Los años finales del autor lo muestran intensamente envuelto en la lucha política nacional y defendiendo sus ideas ante un medio cada vez más hostil. Algunos de sus artículos y ensayos tuvieron que aparecer bajo seudónimo; varios salieron en las páginas de Los Parias, un periódico ácrata y defensor de los obreros. Allí publicó, entre 1902 y 1904, un centenar de artículos; algunos figuran en Horas de lucha (Lima, 1908), el último libro de ensayos que publicó en vida, y en Anarquía (Santiago, 1933). Este y todos los demás libros de prosa aparecieron póstumamente: Bajo el oprobio (París, 1933), Propaganda y ataque (Buenos Aires, 1939), El tonel de Diógenes (México, 1945), etc.
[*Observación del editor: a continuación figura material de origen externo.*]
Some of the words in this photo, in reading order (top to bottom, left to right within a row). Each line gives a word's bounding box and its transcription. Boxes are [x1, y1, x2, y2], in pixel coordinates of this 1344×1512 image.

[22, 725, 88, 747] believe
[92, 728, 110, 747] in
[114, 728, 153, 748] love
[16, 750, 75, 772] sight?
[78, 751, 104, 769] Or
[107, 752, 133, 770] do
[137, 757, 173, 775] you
En verdad, cabe considerar a este autor una anomalía literaria e intelectual: un caso extraño y extremo que, en su santo ardor de profeta, juez y fiscal, se atrevió a defender hasta lo indefendible, a veces con el irritante sarcasmo de quien combate a enemigos tímidos o cobardes. Estaba poseído por una idea fija, que suele dominar precisamente a los espíritus que se empeñan en tareas superiores: la de que su causa era justa y no debía perder un minuto en tratar de realizarla o al menos difundirla. Cuantos más opositores o escándalos se levantaban en su camino, más convencido estaba él de la rectitud de su destino; sacrificó todo en el altar de sus ideas porque creía que eran capaces de cambiar el mundo en el que le había tocado en suerte vivir.
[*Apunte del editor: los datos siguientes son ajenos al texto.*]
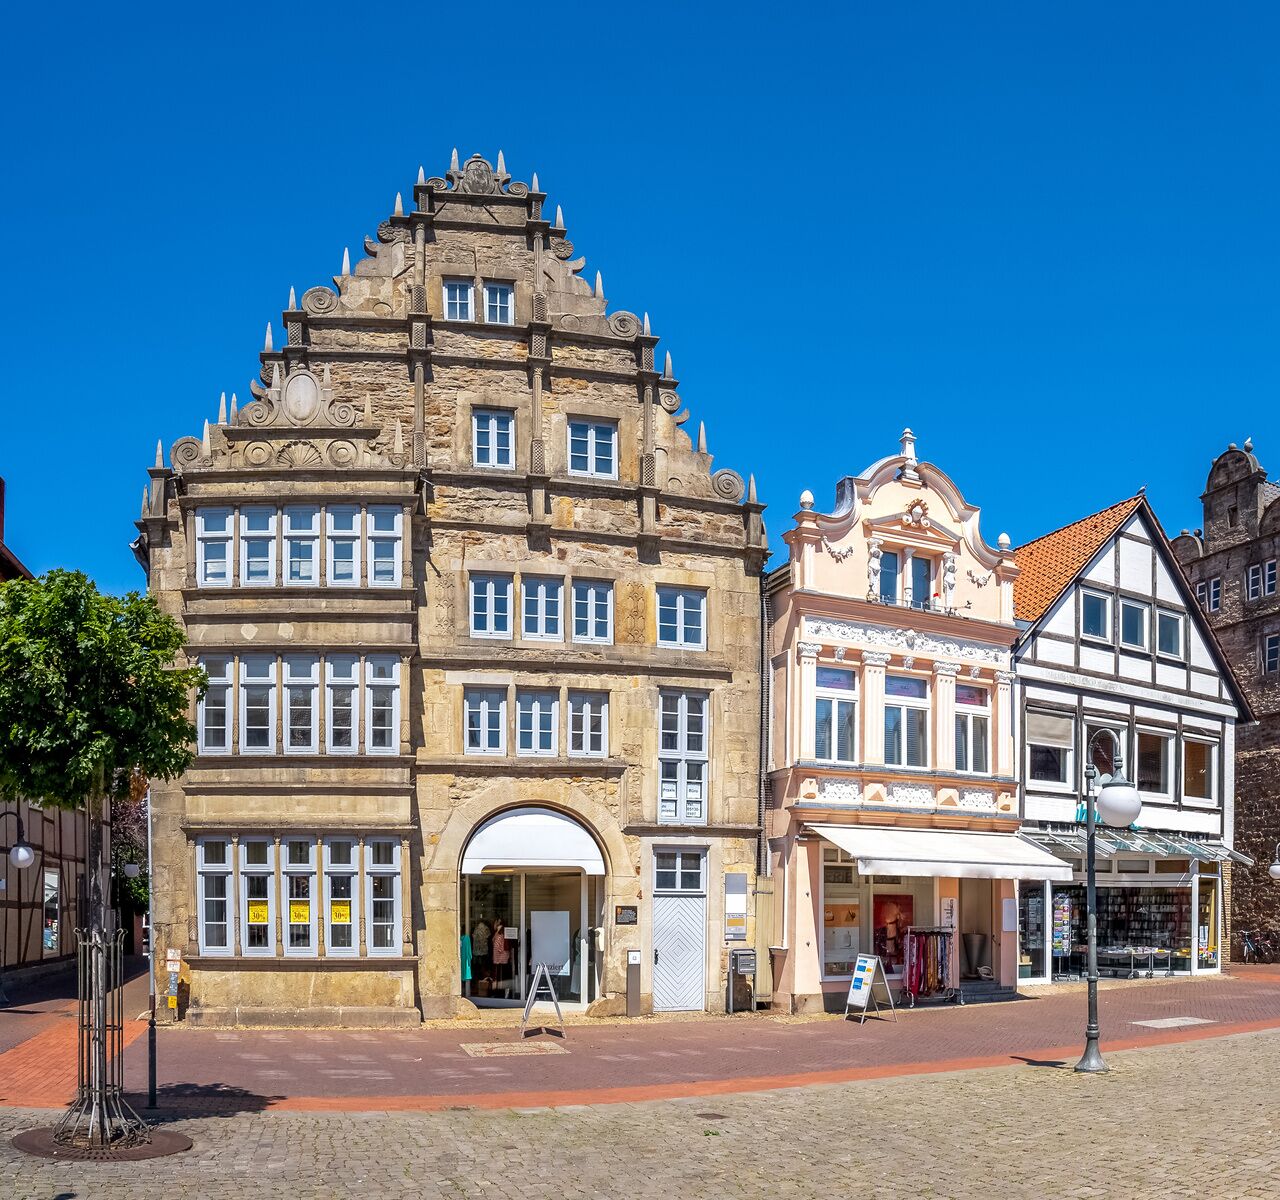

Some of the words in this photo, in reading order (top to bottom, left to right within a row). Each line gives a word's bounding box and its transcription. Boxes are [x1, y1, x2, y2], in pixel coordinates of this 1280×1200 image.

[636, 889, 643, 900] 4
[251, 912, 266, 921] 30%
[293, 912, 307, 921] 30%
[334, 912, 348, 921] 30%
Hay un sentido apocalíptico en el arte, el pensamiento y la acción de González Prada, un sentimiento del «fin de los tiempos» que lo impulsa a creer que era justo el momento para forjar una nueva realidad humana y social sobre las cenizas de las ideas y organizaciones del presente. Ser un opositor radical a la autoridad burguesa no le bastaba; ni siquiera el socialismo le parecía suficientemente eficaz como instrumento para acabar con el viejo régimen de cosas, pues en el fondo era «opresor y reglamentario» («Socialismo y anarquía»). Era un libertario absoluto, enemigo de Dios, la Iglesia, el ejército, el poder político y del concepto mismo de patria. Era el paradigma del voluntarismo revolucionario, inconmovible en su fe de que la acción directa, inspirada por el pensamiento libre y científico, era el motor de los grandes cambios históricos. Hoy lo llamaríamos, sin vacilar, un extremista.
Podemos comprobarlo releyendo uno de sus discursos mejor conocidos: «El intelectual y el obrero», pronunciado el primero de mayo de 1905 en la Federación de Obreros Panaderos del Perú, e incluido en sus Horas de lucha.
Menos conocidos son los ensayos, artículos y crónicas de actualidad publicados en el periódico Los Parias y reunidos en Anarquía. No creo que hubiese en ese tiempo ningún intelectual hispanoamericano que hubiera hecho una defensa más fervorosa e irrestricta de la utopía anarquista, que por entonces era una cuestión candente, desde la Rusia zarista hasta la España monárquica y en varias partes de nuestro continente. Él define esa utopía con la lapidaria concisión que lo distinguía: «El ideal anárquico se pudiera resumir en dos líneas: la libertad ilimitada y el mayor bienestar posible del individuo, con la abolición del Estado y la propiedad individual» («La anarquía»). Leídos hoy, esos textos significan, por cierto, algo distinto de lo que significaron en su época, y ofrecen un motivo de reflexión sobre cuestiones que seguimos discutiendo en la nuestra. González Prada trata varios de esos grandes temas (la libertad, la lucha de clases, el sindicalismo obrero, la autoridad política y religiosa, el militarismo, el colonialismo, etcétera), pero ninguno tiene hoy más trágica actualidad que el de la violencia revolucionaria.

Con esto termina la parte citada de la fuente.